There’s a specific kind of disappointment that only fandom can create. You walk into a movie ready to love it. You’ve seen the trailers ten times. You’ve read every interview. Your group chat has already decided it’s either going to be “the one” or the end of cinema as we know it.

Then the credits roll and you feel… nothing. Or worse, you feel irritated. Not necessarily because the movie is bad, but because it didn’t match the version you built in your head.

On the latest Fandom Portals, Aaron put words to that feeling while reflecting on the 2025 movie year. He realized he’d been harsher on some films because he overhyped them, and now he’s going back to rewatch with a different mindset. Brash immediately related. That exchange nails something a lot of us don’t like admitting: sometimes the loudest thing in the theater is our own expectations.

How Overhype Sneaks In

Overhype is rarely just “I’m excited.” It’s when excitement turns into a full imaginary movie that you’ve already screened in your brain. By the time the real film shows up, it’s competing against a fan-edited masterpiece that doesn’t exist.

It’s also easier than ever to fall into it. Trailer breakdowns train us to look for “the point” instead of the story. Social media turns early reactions into a scoreboard. Fandom debate pressures you to pick a side before you’ve even bought a ticket. Even harmless rumor culture can create a version of the movie that the filmmakers never promised.

Aaron mentions how stacked the year felt, especially around that big blockbuster stretch. When multiple event movies pile up, it becomes easy to treat each one like it has to be life-changing, not just good.

What Overhype Does to Your First Watch

Overhype doesn’t just make you more likely to be disappointed. It changes how you watch.

A first watch becomes a grading session. You’re tracking whether the movie lives up to the trailer, whether it sticks the landing, whether it’s better than the last one, whether it paid off the theory you saw online. That mindset can make you miss what the film is actually doing, especially if its strength isn’t surprise but theme, character, or mood.

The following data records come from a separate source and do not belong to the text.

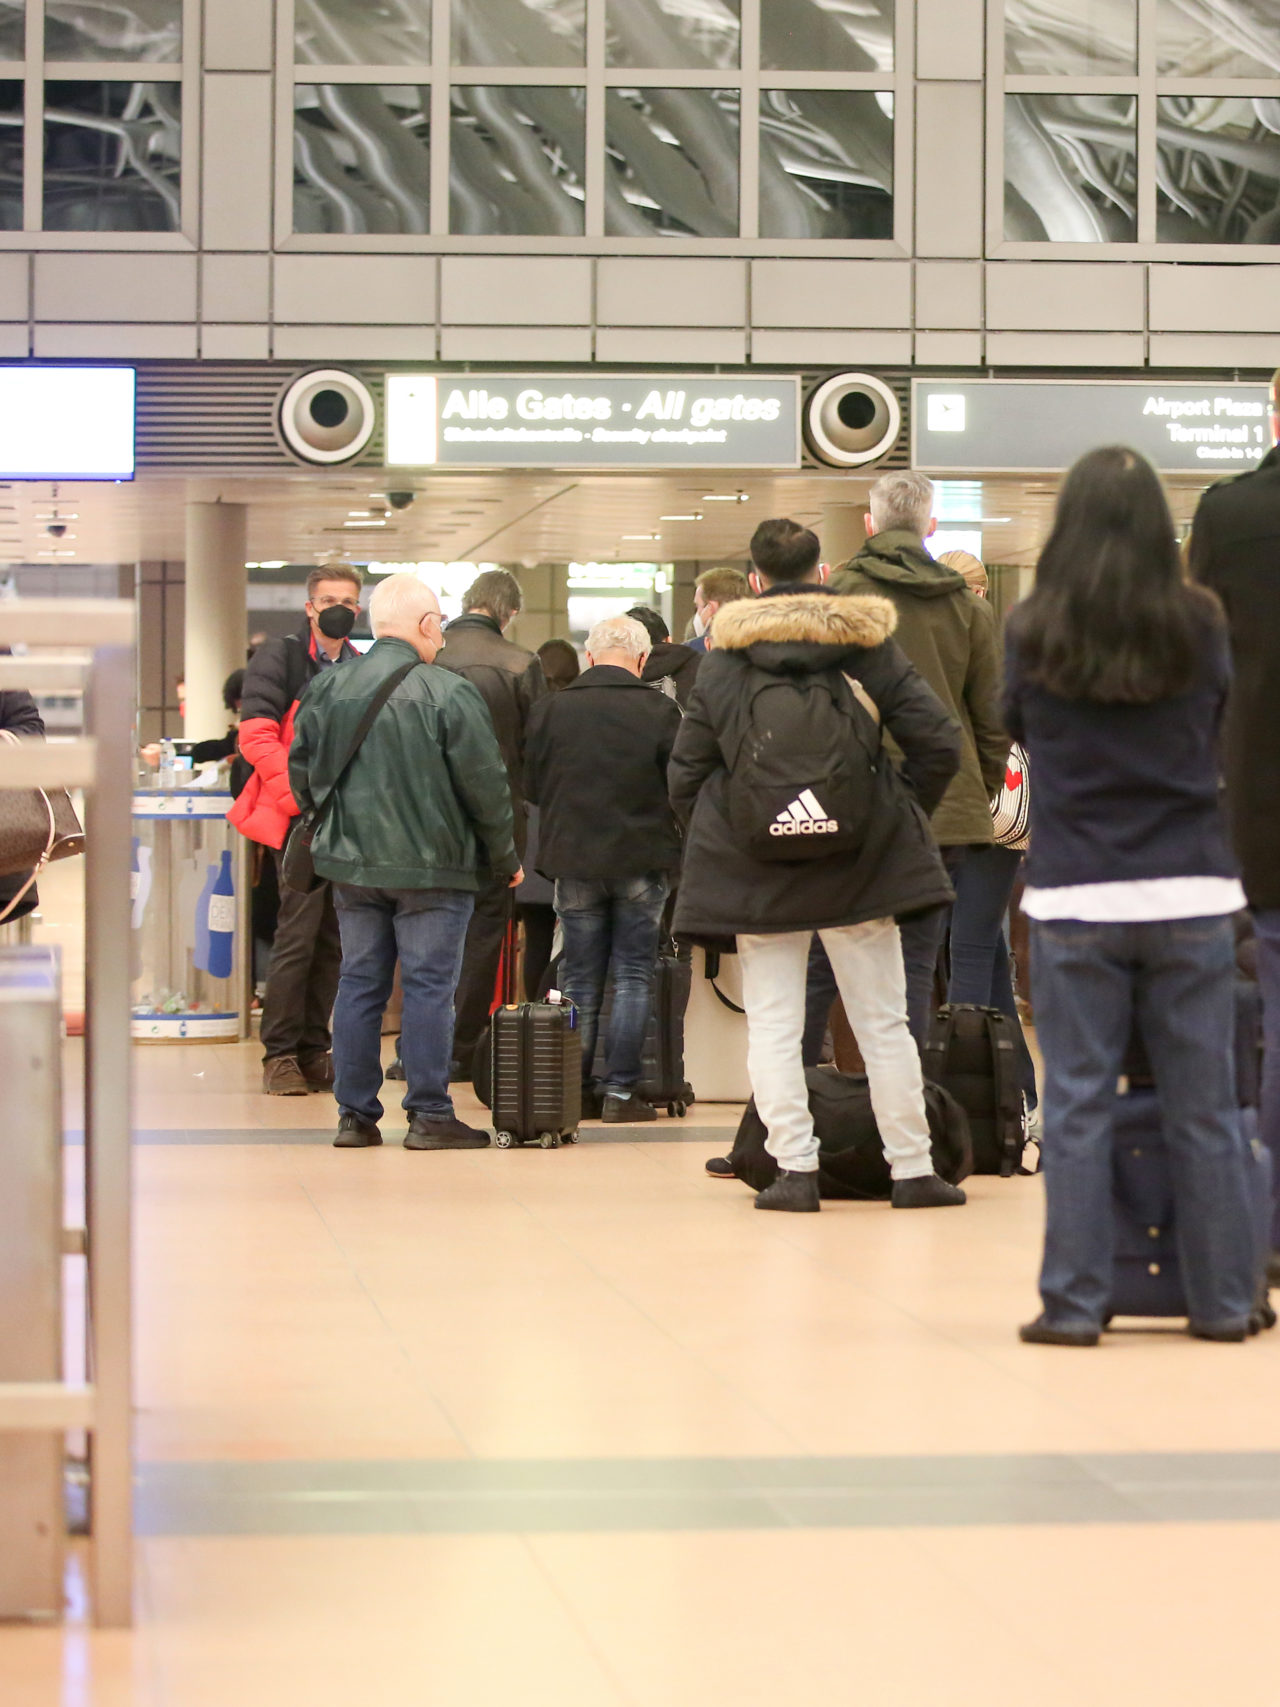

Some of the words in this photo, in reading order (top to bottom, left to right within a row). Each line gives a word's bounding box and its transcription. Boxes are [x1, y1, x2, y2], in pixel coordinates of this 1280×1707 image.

[441, 389, 509, 420] Alle
[516, 389, 612, 420] Gates
[635, 390, 686, 420] All
[689, 394, 781, 427] gates
[1143, 397, 1211, 419] Airport
[1214, 397, 1263, 416] Plaza
[1166, 423, 1249, 443] Terminal
[1253, 425, 1263, 443] 1
[769, 819, 839, 836] adidas

This is why Aaron’s approach makes sense for a message-first show like Fandom Portals. Instead of obsessing over whether a movie “won,” he’s looking at what stuck with him emotionally after time passed. That’s a different measurement, and it’s often more honest.

Why Rewatches Can Hit Different

A rewatch isn’t a cheat code. A movie doesn’t become good because you tried again. But rewatches can give you a fairer read because they remove the pressure of expectation.

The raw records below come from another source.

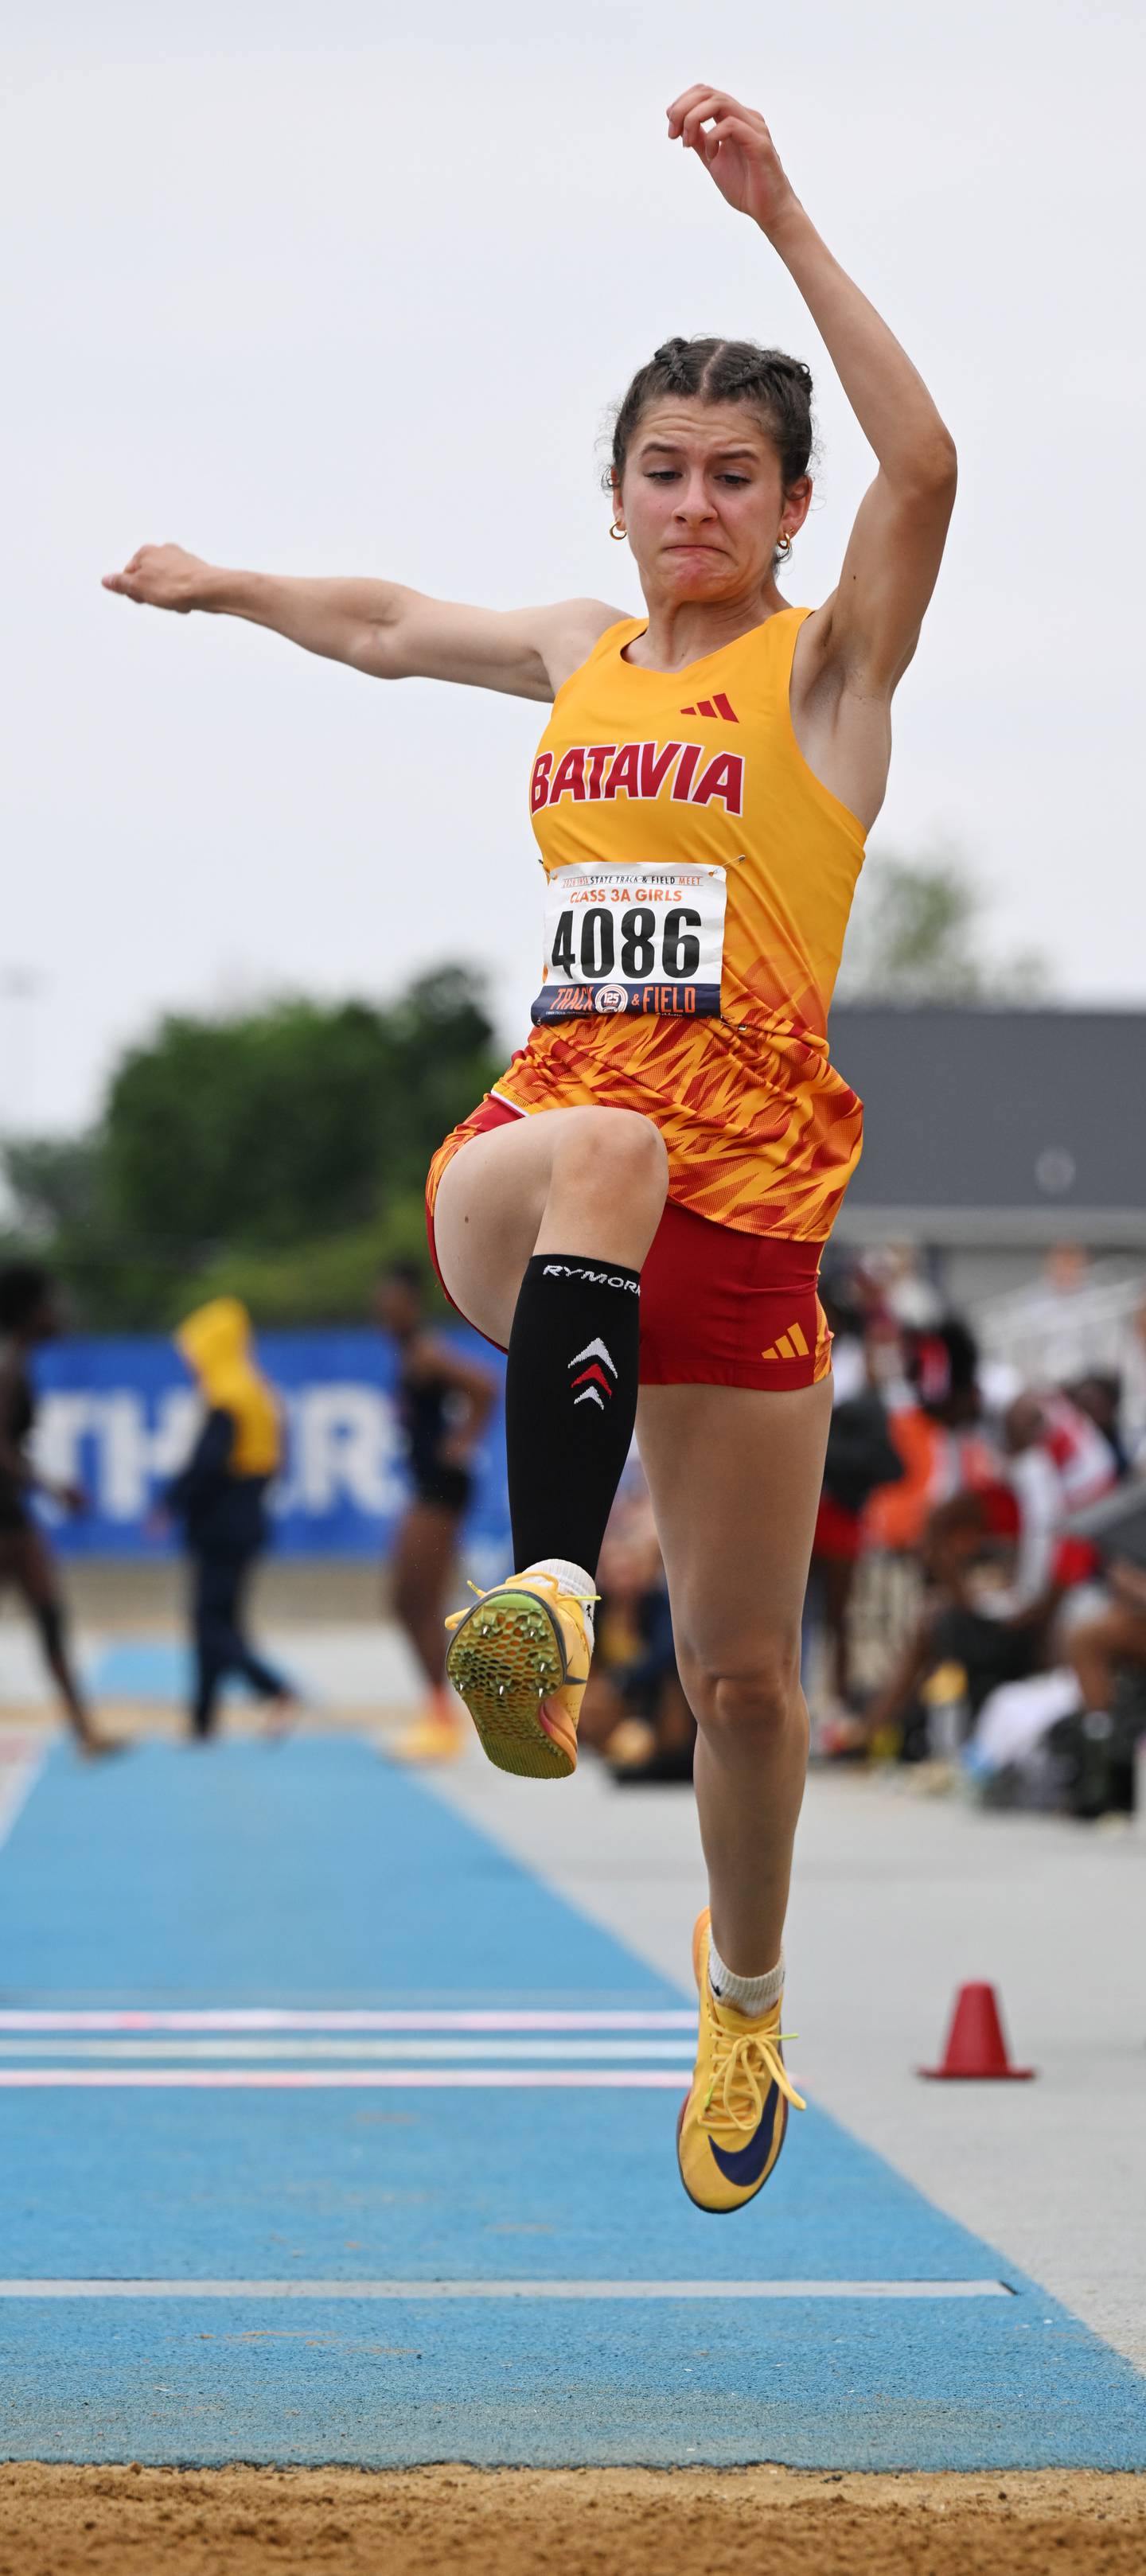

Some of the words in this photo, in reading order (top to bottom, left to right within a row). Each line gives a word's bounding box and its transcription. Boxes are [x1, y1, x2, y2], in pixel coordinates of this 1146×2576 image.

[531, 740, 746, 818] BATAVIA
[570, 889, 606, 904] CLASS
[610, 889, 631, 902] 3A
[635, 889, 683, 902] GIRLS
[552, 907, 702, 980] 4086
[549, 986, 594, 1011] TRACK
[631, 993, 640, 1006] &
[642, 986, 696, 1013] FIELD
[603, 992, 619, 1004] 125

On a first watch, you’re carrying a suitcase full of outside noise. On a second watch, you already know what the movie is, so you can pay attention to what it’s trying to say. That’s especially true for character-driven stories, where the “plot surprise” isn’t the point, or for movies where the best stuff lives in quieter moments you weren’t ready to notice the first time.

Sometimes the theme was always there. You just weren’t watching for it. You were watching for the movie you wanted.

Signs You Might Have Judged a Movie Through Hype

You can usually tell when hype got in the way, because your reaction is less about what happened and more about what didn’t. If you walked out talking mainly about missing scenes, missing characters, or “wasted potential,” that’s often expectation talking. If your opinion improved after the discourse died down, that’s also a clue. If you enjoyed individual scenes but still felt compelled to declare the whole thing a failure without being able to explain why, hype might have tightened the lens too much.

None of that means you have to change your mind. It just means your first reaction might not have been purely about the film.

How to Rewatch Without Forcing Yourself to Like It

If you’re going to revisit a movie you bounced off, it helps to go in with a different goal. Not “prove the internet wrong,” and not “convince myself it’s good.” Just “see it clearly.”

One good trick is to track the film’s emotional center instead of its plot mechanics. Most movies are built around one core relationship or one internal struggle. If you watch for that on purpose, you’ll often understand why the film was made the way it was. Another approach is to treat it like a character study. Even if the story is messy, a character arc can still land. You can also focus on what resonated, even if it was small. A single scene can carry a movie for someone, and that’s not coping, that’s taste.

The biggest help is watching away from the hype environment. Not opening weekend, not while doomscrolling reactions, not while trying to keep up with memes. Just you and the movie.

Hype Is Fun, But It Isn’t Free

Hype is part of fandom, and it can be a blast. It makes releases feel like events, and it’s communal in a way that reminds you why people love this stuff in the first place.

The downside is that hype can turn into a contract the movie never signed. If you want better first watches, the goal isn’t to stop being excited. It’s learning how to keep excitement from turning into expectation debt. The more you can show up open to what the movie is, the more likely you are to actually feel something, even if it’s not what you predicted.

And if you already got burned, the rewatch can be your reset button. Not to rewrite history, but to separate the film from the noise that surrounded it.